Lanterna elettrica

La lanterna elettrica da proiezione è una diretta discendente della lanterna magica, strumento per proiettare su una superficie immagini dipinte o fotografie, fisse o a movimento manuale, in modo da consentirne la visione a più persone contemporaneamente. Le parti fondamentali della lanterna sono costituite da una fonte luminosa, un condensatore di luce e un obiettivo, più o meno complesso. La lanterna in possesso del Liceo è pervenuta completa di ottiche. Probabilmente si tratta di una lanterna ad arco modificata, come si evince dalla presenza della canna fumaria. La lanterna è corredata da passavedute e diapositive come da inventario. I passavedute venivano utilizzati per posizionare i vetri da proiezione della lanterna in occasione di uno spettacolo, di una conferenza o di una lezione. Esisteva anche la versione singola ma il passavedute doppio fu generalmente preferito perché consentiva la sostituzione dell’immagine senza interrompere la sequenza. A corredo della lanterna vi è una collezione di circa 800 incisioni su vetro con tutta la Divina Commedia di Gustave Dorè e lastre di Storia dell’arte di Alinari e Morelli.


Approfondimento

La più antica descrizione di una lanterna magica risale al 1646, quando il padre gesuita Athanasius Kircher la incluse nel libro Ars Magna Lucis et Umbrae che la definisce anche “lucerna magica seu thaumaturga”.

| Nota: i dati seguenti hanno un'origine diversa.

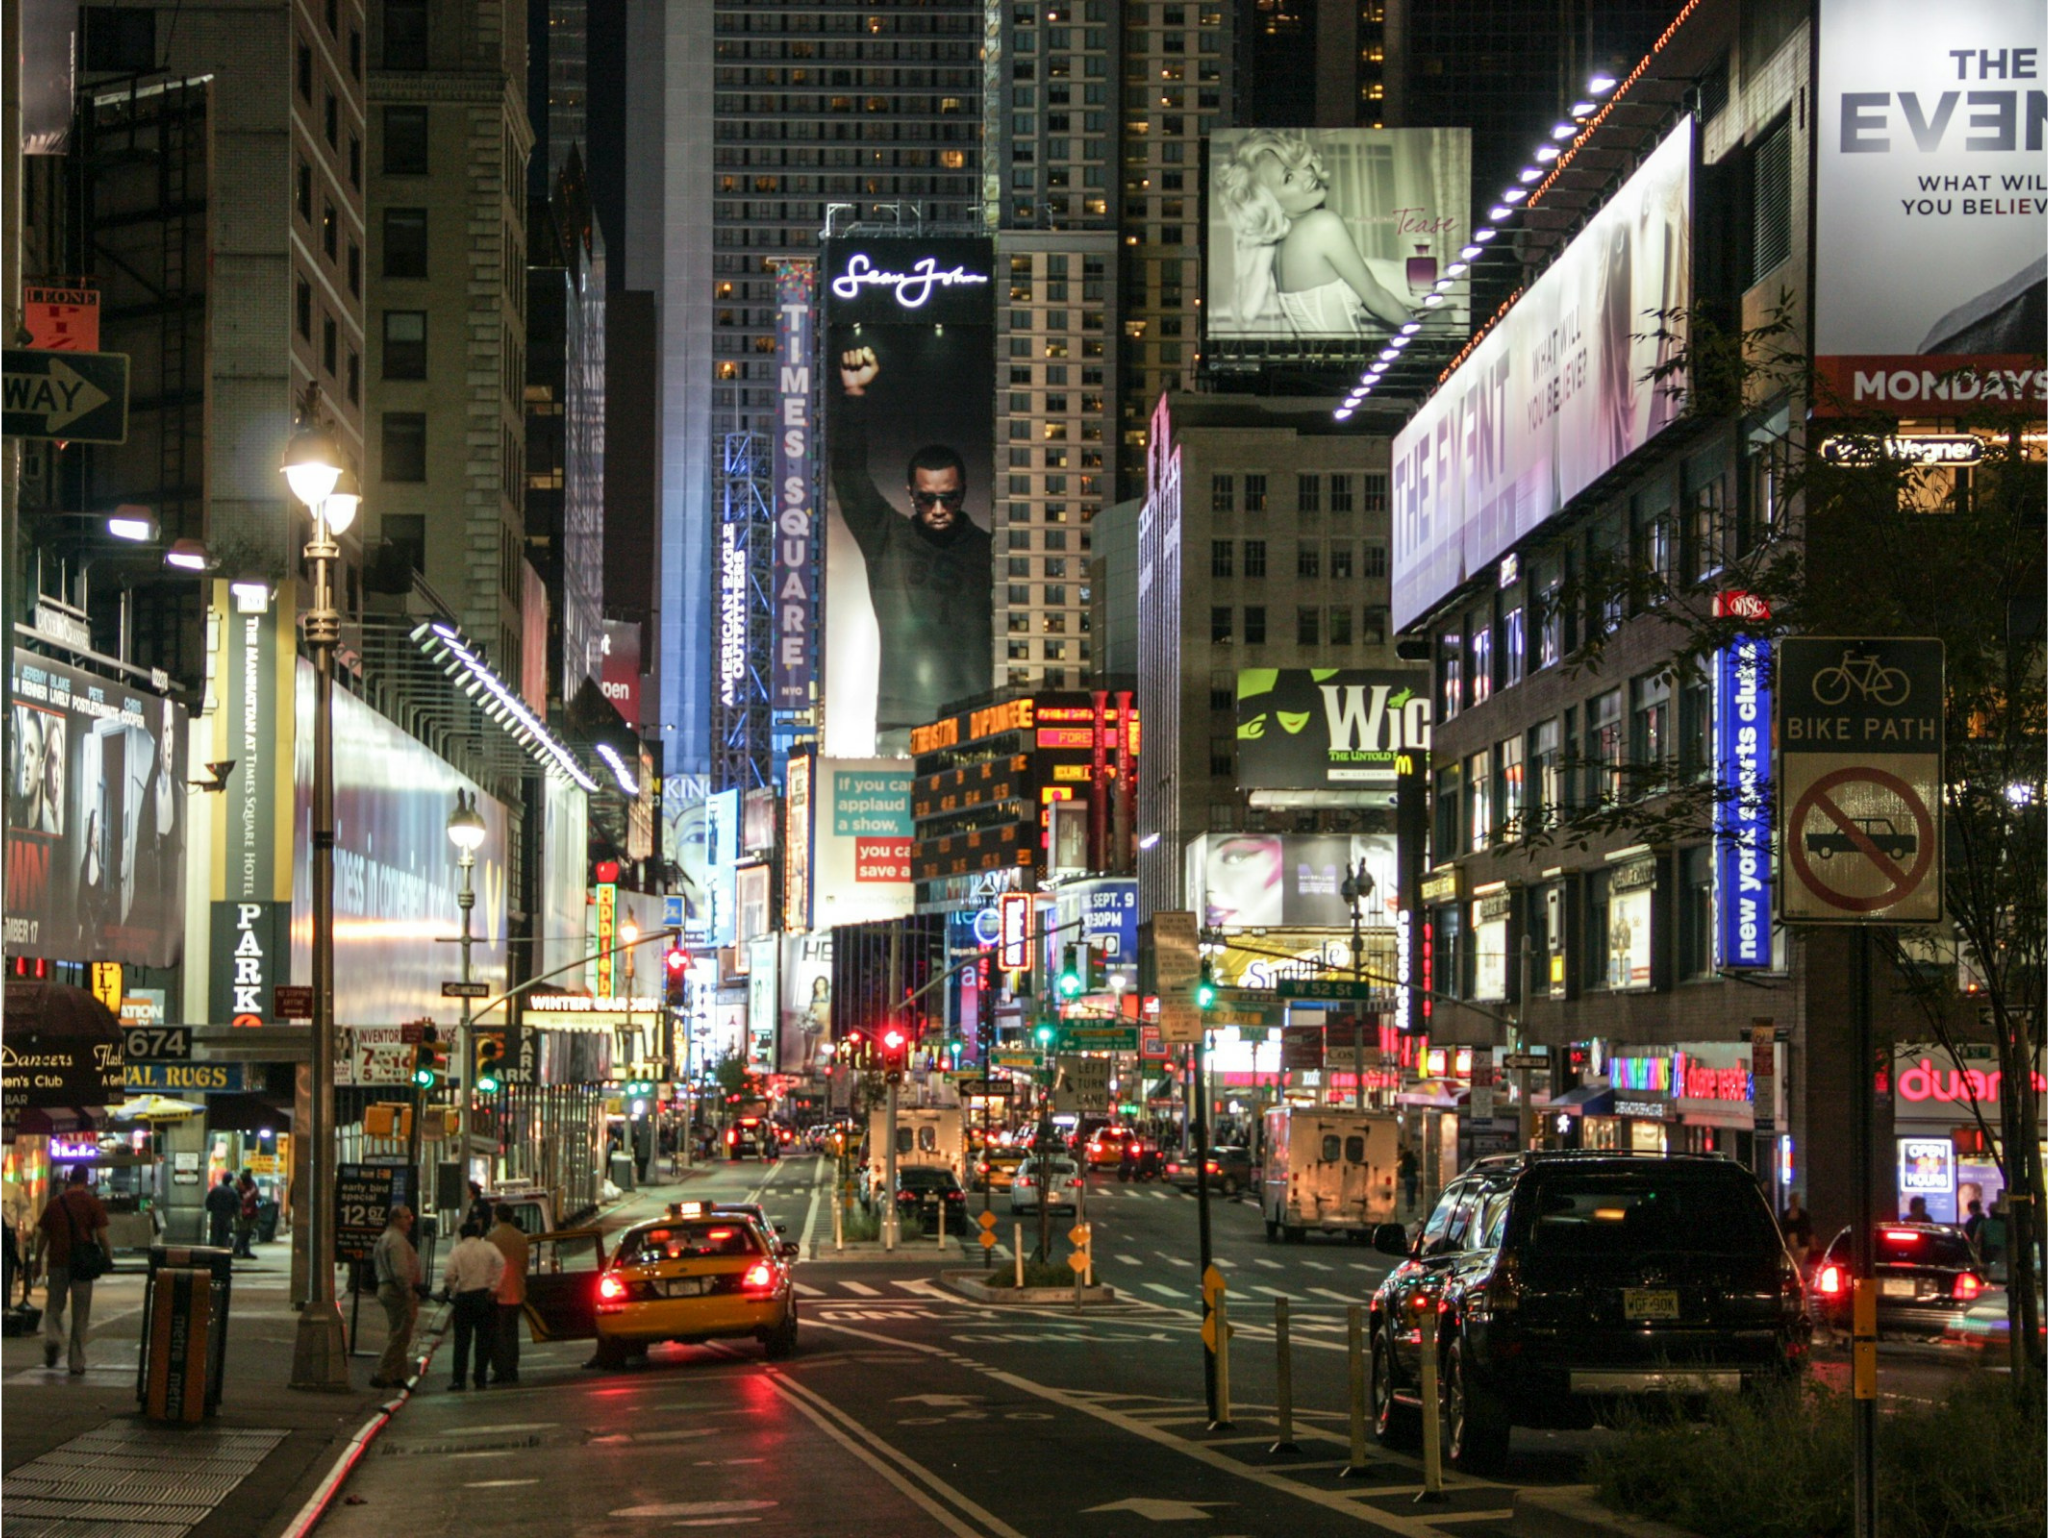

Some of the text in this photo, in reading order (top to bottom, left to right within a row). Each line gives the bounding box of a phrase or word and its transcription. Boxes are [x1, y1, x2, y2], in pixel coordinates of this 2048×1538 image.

[1949, 48, 2037, 80] THE
[1918, 175, 1991, 191] WHAT
[1902, 199, 1952, 215] YOU
[1393, 207, 1459, 236] Tease
[832, 253, 988, 307] Sean John
[27, 289, 98, 305] LEONE
[1532, 303, 1581, 384] WHAT WILL
[780, 304, 809, 458] TIMES
[3, 376, 83, 413] WAY
[1527, 346, 1587, 436] YOU BELIEVE?
[1395, 346, 1511, 564] THE EVENT
[780, 475, 809, 665] SQUARE
[721, 522, 735, 707] AMERICAN EAGLE
[732, 549, 746, 679] OUTFITTERS
[22, 665, 48, 684] JEREMY
[50, 674, 71, 692] BLAKE
[21, 679, 47, 701] RENNER
[50, 688, 70, 707] LIVELY
[782, 686, 804, 696] NYC
[124, 697, 142, 713] CHRIS
[121, 710, 144, 728] COOPER
[1788, 717, 1936, 741] BIKE PATH
[242, 616, 260, 896] THE MANHATTAN AT TIMES SQUARE HOTEL
[1119, 707, 1130, 792] HERSHEYS
[838, 777, 850, 791] If
[855, 780, 884, 793] you
[838, 797, 906, 814] applaud
[838, 817, 899, 833] a show,
[860, 846, 891, 860] you
[1735, 826, 1761, 892] york
[859, 865, 897, 878] save
[1124, 891, 1135, 908] 9
[1738, 897, 1757, 960] new
[233, 903, 263, 1013] PARK
[1249, 941, 1341, 989] Snapple
[1293, 982, 1353, 995] W 52 St
[530, 995, 591, 1011] WINTER
[127, 1030, 187, 1057] 674
[358, 1028, 405, 1044] INVENTOR
[2, 1044, 74, 1068] Dancers
[361, 1047, 376, 1067] 7
[519, 1027, 534, 1083] PARK
[166, 1066, 228, 1088] RUGS
[1077, 1063, 1105, 1075] LEFT
[34, 1074, 64, 1089] Club
[1077, 1080, 1106, 1090] TURN
[4, 1093, 29, 1106] BAR
[1076, 1095, 1105, 1106] LANE
[60, 1132, 98, 1142] ATM
[1908, 1145, 1946, 1158] OPEN
[342, 1183, 389, 1193] early bird
[1907, 1174, 1947, 1186] HOURS
[341, 1192, 377, 1203] special
[341, 1204, 385, 1226] 12 67
[172, 1315, 186, 1362] metro

Probabilmente però a quell'epoca lo strumento doveva essere già noto alle corti europee, importato forse dalla Cina tramite la mediazione degli arabi.

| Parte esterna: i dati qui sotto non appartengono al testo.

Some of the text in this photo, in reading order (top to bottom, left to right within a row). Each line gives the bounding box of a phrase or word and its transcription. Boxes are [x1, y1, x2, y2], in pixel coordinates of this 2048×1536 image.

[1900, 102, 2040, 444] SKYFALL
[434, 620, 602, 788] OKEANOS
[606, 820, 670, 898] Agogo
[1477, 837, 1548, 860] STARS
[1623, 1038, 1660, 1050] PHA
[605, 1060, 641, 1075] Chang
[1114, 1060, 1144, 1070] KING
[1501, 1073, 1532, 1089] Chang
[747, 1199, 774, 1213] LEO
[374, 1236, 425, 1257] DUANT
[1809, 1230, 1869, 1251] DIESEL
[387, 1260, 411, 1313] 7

La diffusione della lanterna magica fu rapida ed ebbe due principali applicazioni: una didattica e una fantastica, di intrattenimento. Nel primo caso si poteva istruire mostrando luoghi, monumenti, oggetti, piante, animali che nessuno aveva mai visto, con un effetto molto più suggestivo della stampa; nell'altro caso si potevano proiettare immagini fantastiche, sia come sussidio alle conferenze e prediche religiose (si pensi alla serie di punizioni dei dannati tra le fiamme e alla felicità dei beati in paradiso quale supporto alla spiegazione dei versetti sul giudizio universale). I due scopi potevano anche essere strettamente collegati, per potenziare l'insegnamento sviluppando l'immaginazione.